Why does ADHD cause disorganization? How hard is it to stay organized with ADHD?
ADHD can cause you to make impulsive decisions, struggle to stop a task once you’ve begun it, and have difficulty conforming to common organizational methods. These and other traits can make you disorganized, and being disorganized can then make your symptoms worse, creating a negative cycle.
Let’s look at ways to clean up your messy habits so you can get your life in order, according to Order From Chaos by Jaclyn Paul,
Contain Your Current Mess
According to Paul, if you’re already behind on your organization, you won’t be able to jump right into a new system. You need to get a handle on your current state of disorganization. ADHDers can become disorganized more easily because they tend to quickly be overwhelmed by new input, and we’re all constantly receiving various types of input: Much of it is informational like ideas and obligations, and much of it is physical like mail and belongings. For ADHDers, the overwhelm from all this input often leads to piles.

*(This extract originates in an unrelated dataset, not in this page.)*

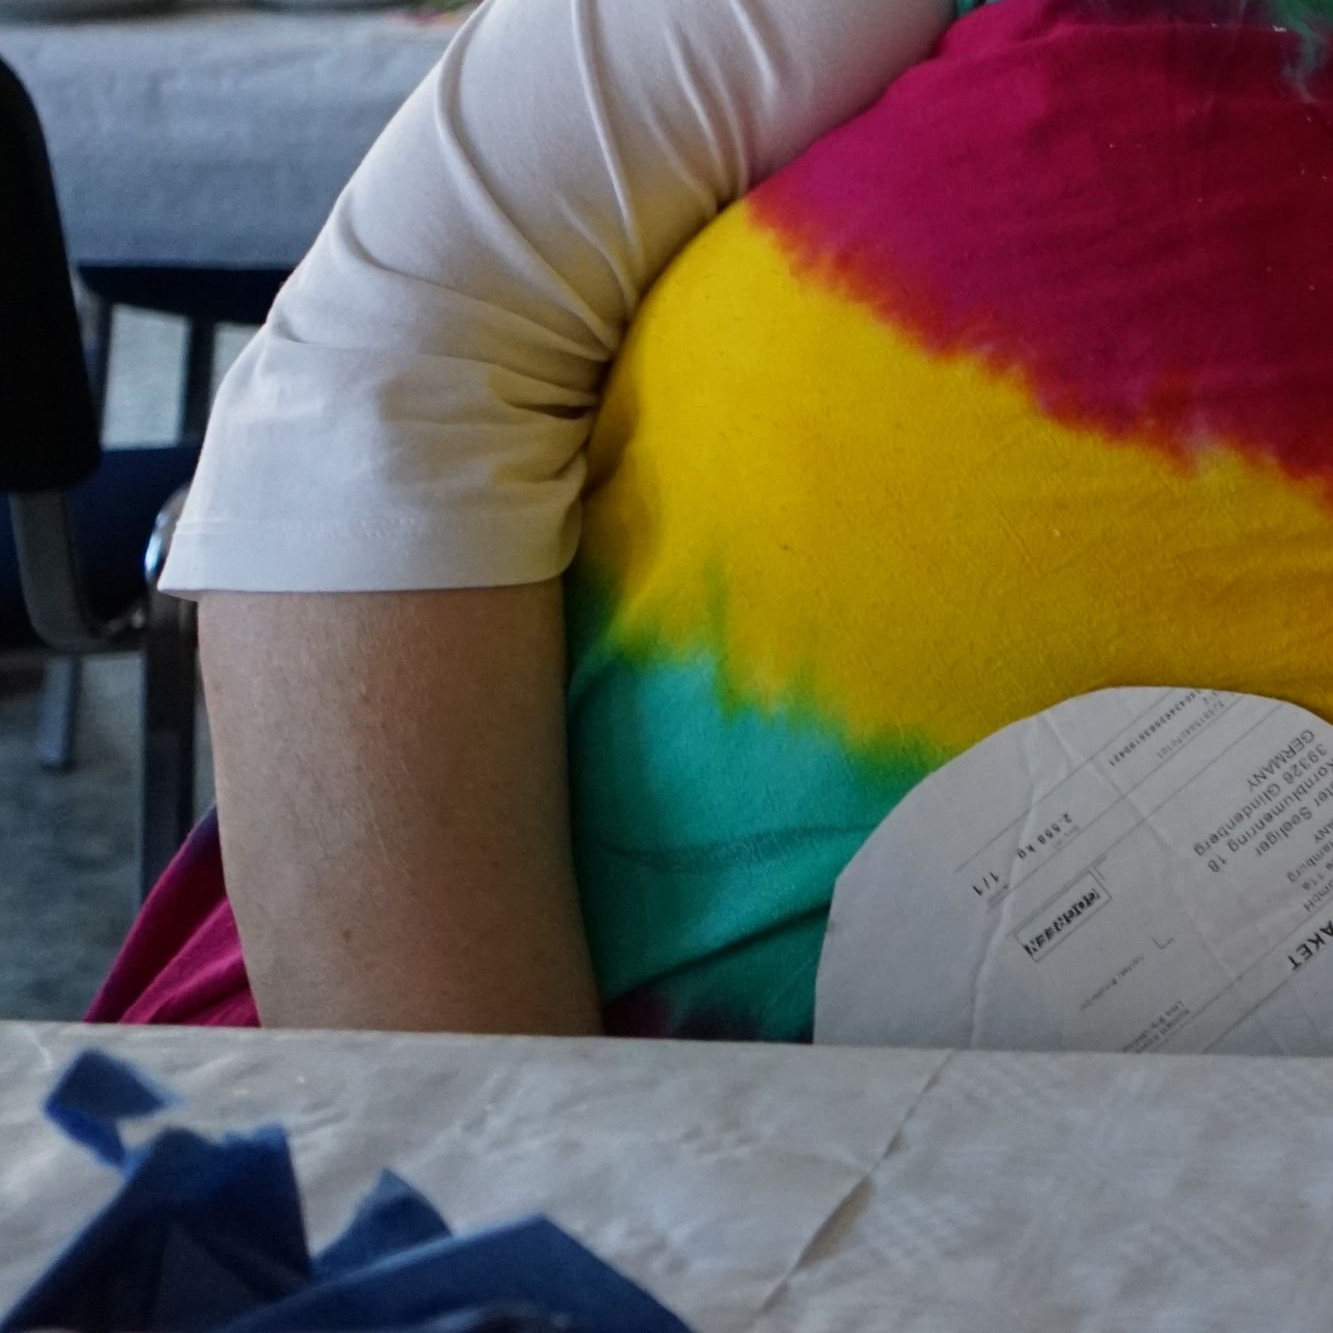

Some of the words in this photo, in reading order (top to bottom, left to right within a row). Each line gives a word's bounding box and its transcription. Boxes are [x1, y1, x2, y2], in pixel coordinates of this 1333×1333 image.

(Shortform note: ADHDers may not even realize how messy their environment has gotten because they often experience clutter blindness, which is when they become so accustomed to the mess around them that it no longer looks messy. Sometimes it can help to ask a friend or loved one to help you identify cluttered areas in your environment so you know where to start containing your mess.)
Piles accumulate when we have no system for dealing with incoming stuff. We get a piece of mail or find a dirty sock on the floor and put it in a pile for us to deal with later, which grows and grows until it feels too big to manage. These piles feel necessary—particularly for those who suffer from “out of sight, out of mind” tendencies—so that we don’t lose track of important items, but ultimately these things tend to get lost in the piles anyway.
Organizing piles starts with containing them, which means designating a specific location to keep those items until you’re ready to deal with them.
(Shortform note: Some ADHDers use piles as an important part of their organizing system, often referring to them as “DOOM” piles (“Didn’t Organize, Only Moved). They may come in other forms than piles, including bags, boxes, drawers, or other containers. DOOM piles can be useful when you’re organizing on limited time or energy and need to get rid of clutter or mess. However, as with other piles, they need to be managed regularly—perhaps in one of the ways we’re about to describe—so they don’t get out of control.)
Containing Physical Items
To contain physical items that you struggle to keep organized, Paul recommends using baskets. While it may seem similar to a pile, a basket provides physical boundaries for a pile, which will help keep it more manageable. Each basket should only contain one type of item. That way, as soon as you find an item that needs to be stored, you know exactly where to put it, and you know exactly where to look for it the next time you need it.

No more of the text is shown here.